Cribbing is often performed as part of lifting/lowering operations. Expressions such as "lift an inch, crib an inch" and "pack as you jack" are used to remind operators of the importance of cribbing to secure and protect the load. The use of cribbing also allows for the use of a lifting device with a limited working range (such as a jack, lifting air bags or hydraulic rescue tools) as the load can be raised to the maximum range of the device, then lowered a short distance onto the cribbing, allowing another platform of cribbing to be built to raise the device and repeat the process.

Cribbing can be used to secure a load following a building collapse, vehicular accident or other event where the regular stability of a structure or vehicle has been reduced.

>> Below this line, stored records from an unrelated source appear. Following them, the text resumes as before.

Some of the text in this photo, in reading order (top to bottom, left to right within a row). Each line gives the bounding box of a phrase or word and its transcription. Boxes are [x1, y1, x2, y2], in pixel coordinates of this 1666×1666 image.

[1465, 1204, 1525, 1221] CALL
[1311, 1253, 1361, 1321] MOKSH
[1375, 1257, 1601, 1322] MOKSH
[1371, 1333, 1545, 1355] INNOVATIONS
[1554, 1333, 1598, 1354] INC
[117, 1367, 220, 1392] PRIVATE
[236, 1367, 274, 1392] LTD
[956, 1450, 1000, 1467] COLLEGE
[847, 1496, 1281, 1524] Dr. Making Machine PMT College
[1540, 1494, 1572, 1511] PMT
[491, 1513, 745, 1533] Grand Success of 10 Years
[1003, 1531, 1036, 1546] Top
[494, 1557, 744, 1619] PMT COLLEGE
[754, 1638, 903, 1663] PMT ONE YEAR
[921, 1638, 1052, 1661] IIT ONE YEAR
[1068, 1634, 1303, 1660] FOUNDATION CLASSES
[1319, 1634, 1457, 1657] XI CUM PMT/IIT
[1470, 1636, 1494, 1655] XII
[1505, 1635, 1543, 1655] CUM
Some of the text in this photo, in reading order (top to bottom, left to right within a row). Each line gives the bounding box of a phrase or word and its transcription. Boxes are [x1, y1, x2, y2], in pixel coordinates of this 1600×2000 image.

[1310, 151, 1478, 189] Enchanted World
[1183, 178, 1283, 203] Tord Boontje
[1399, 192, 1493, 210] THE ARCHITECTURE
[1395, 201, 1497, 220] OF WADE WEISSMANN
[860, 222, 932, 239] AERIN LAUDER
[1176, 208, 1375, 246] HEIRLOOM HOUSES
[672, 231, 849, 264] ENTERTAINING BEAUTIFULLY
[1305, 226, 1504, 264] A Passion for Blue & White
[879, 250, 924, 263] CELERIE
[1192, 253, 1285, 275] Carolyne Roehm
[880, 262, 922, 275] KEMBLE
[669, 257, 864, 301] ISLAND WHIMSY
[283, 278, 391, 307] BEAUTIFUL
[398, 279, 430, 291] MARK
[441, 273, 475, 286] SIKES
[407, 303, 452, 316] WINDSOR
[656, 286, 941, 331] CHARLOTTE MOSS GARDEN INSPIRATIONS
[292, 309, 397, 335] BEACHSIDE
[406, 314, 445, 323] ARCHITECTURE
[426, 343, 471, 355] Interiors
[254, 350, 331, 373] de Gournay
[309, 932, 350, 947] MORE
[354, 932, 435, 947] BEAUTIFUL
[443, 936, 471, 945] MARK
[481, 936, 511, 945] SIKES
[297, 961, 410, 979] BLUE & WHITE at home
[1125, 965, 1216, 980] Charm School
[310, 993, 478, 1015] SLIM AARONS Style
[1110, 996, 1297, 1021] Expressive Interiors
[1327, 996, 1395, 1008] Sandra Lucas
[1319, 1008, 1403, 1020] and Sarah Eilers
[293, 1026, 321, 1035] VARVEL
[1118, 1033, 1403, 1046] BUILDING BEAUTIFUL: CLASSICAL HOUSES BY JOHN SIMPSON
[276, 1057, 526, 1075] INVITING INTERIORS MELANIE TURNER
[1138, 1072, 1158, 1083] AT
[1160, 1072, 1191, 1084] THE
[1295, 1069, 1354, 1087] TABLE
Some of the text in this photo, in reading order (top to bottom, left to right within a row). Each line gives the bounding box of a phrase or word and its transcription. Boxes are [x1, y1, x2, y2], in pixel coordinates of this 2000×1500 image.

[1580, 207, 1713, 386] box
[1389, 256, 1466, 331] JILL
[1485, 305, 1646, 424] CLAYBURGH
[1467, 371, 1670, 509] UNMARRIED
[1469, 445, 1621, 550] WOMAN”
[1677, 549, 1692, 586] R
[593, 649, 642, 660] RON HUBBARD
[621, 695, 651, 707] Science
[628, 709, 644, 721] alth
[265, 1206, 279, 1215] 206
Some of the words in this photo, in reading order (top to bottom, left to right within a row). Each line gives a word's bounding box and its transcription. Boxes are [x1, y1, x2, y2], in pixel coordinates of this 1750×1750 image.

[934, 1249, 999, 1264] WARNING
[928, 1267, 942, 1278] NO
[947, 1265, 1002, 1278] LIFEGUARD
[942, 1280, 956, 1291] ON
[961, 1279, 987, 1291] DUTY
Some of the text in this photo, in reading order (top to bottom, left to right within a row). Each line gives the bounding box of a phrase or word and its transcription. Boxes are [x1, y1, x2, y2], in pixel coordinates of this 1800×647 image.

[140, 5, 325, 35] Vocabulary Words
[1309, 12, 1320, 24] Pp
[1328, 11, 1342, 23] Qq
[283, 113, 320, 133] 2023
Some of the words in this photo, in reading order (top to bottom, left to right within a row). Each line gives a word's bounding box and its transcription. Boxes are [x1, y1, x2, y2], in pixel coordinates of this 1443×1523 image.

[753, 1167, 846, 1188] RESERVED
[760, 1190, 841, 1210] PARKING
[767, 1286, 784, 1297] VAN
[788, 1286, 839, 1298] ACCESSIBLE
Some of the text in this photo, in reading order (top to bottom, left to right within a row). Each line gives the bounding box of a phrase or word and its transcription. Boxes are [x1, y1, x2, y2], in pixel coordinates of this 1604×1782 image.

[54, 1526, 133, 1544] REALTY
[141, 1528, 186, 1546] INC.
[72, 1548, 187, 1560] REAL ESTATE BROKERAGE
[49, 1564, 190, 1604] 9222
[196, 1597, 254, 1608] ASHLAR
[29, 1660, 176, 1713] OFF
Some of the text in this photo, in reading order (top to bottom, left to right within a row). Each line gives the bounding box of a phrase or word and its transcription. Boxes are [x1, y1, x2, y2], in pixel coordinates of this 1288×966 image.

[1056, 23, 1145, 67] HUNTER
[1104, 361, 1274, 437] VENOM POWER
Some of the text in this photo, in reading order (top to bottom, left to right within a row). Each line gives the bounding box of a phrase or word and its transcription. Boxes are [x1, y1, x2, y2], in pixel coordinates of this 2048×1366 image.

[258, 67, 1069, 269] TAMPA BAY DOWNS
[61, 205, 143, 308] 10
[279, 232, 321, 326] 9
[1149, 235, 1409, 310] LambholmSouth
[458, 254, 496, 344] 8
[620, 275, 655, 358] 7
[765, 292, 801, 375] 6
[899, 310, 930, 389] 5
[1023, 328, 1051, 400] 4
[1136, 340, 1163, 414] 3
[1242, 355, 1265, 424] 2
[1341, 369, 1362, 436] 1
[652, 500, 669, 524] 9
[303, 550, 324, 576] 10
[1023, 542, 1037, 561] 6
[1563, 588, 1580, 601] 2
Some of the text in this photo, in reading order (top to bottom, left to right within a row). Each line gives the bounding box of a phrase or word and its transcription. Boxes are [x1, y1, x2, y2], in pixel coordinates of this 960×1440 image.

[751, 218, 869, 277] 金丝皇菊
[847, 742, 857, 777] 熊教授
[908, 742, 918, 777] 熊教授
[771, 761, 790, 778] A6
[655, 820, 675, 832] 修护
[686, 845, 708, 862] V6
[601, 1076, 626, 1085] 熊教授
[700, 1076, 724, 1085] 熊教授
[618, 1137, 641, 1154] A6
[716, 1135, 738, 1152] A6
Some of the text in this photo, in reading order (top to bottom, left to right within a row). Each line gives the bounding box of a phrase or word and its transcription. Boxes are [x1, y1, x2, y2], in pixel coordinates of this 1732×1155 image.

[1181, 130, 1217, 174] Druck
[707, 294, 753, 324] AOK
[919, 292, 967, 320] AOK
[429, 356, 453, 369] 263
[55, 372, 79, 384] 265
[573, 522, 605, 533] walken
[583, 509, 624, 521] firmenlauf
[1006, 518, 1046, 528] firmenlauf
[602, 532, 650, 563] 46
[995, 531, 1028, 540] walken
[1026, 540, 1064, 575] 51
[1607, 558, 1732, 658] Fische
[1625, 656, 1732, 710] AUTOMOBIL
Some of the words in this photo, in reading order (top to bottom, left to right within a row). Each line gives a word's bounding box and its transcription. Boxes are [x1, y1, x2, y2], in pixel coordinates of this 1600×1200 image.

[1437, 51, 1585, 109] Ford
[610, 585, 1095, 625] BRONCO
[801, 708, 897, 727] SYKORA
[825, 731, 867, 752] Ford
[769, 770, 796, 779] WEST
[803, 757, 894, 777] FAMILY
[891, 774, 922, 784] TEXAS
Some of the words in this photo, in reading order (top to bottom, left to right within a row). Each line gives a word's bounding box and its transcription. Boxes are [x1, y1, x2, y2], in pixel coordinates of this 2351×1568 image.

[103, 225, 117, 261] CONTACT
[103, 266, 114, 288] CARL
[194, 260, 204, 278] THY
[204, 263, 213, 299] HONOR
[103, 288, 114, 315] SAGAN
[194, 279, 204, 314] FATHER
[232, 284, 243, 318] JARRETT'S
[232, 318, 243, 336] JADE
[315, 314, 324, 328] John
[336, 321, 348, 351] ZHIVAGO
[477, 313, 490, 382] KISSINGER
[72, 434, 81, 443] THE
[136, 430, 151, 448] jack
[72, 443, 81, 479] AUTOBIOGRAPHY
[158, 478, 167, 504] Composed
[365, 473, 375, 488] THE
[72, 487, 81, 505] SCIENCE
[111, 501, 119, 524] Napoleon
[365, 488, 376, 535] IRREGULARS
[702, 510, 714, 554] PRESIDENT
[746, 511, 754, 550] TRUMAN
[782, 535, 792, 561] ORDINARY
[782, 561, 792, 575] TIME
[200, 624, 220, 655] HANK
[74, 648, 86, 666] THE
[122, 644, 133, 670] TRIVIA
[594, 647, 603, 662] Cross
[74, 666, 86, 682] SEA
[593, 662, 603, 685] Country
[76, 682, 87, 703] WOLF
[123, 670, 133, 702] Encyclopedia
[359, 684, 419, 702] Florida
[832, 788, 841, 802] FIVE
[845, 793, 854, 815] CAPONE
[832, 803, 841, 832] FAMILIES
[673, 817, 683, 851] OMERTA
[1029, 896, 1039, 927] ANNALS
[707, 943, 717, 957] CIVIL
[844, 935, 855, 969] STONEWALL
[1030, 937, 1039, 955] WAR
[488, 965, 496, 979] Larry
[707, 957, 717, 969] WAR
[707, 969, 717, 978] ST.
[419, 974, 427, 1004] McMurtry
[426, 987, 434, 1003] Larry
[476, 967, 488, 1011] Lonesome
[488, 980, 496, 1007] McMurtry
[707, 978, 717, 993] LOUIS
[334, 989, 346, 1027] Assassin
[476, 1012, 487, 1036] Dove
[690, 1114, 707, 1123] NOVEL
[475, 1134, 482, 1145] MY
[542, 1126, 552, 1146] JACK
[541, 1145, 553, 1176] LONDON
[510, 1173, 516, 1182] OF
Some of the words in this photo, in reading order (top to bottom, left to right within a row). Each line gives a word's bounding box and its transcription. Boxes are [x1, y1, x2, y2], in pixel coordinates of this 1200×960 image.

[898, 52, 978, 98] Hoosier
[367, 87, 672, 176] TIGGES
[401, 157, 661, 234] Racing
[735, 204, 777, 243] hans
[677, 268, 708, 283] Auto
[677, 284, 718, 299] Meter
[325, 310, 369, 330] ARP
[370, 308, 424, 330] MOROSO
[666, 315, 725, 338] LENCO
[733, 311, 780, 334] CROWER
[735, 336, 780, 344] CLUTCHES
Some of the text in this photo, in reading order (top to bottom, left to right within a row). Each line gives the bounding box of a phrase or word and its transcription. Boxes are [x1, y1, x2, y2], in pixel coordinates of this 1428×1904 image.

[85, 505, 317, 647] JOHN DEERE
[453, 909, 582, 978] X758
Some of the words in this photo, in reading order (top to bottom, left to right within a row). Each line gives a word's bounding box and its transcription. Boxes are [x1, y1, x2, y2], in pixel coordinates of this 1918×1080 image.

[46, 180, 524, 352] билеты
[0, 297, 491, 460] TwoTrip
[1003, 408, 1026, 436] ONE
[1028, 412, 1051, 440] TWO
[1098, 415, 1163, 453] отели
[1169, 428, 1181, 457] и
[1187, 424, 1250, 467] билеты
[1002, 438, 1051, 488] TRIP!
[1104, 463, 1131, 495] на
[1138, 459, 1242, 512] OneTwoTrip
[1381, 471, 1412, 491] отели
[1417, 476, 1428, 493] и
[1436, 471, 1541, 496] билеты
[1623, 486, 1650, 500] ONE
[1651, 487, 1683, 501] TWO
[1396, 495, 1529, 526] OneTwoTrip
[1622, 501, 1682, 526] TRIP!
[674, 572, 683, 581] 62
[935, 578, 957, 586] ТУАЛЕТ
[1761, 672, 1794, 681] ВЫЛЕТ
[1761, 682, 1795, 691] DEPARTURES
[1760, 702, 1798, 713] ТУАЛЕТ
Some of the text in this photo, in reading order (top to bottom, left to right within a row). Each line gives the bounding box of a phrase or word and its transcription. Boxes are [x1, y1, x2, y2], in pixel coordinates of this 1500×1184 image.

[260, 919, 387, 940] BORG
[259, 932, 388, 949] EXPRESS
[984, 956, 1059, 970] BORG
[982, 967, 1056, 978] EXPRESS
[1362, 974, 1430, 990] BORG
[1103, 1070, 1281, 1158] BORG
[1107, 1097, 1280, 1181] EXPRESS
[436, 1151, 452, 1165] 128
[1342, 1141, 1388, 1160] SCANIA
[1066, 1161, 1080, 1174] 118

Cribbing is often used in the repair of heavy equipment or farm equipment. Subassemblies that have been disconnected are supported by cribbing until reassembly. In such work, cribbing is often safer than jack stands because it is less likely to tip over. And if the metal parts bite into the wood, this helps to keep sliding from happening. These factors are especially true in field repairs, because most ground is not perfectly level and hard, like a concrete garage floor would be. Even on concrete, cribbing is often preferred.

In heavy industry, cribbing is a part of the rigger's trade.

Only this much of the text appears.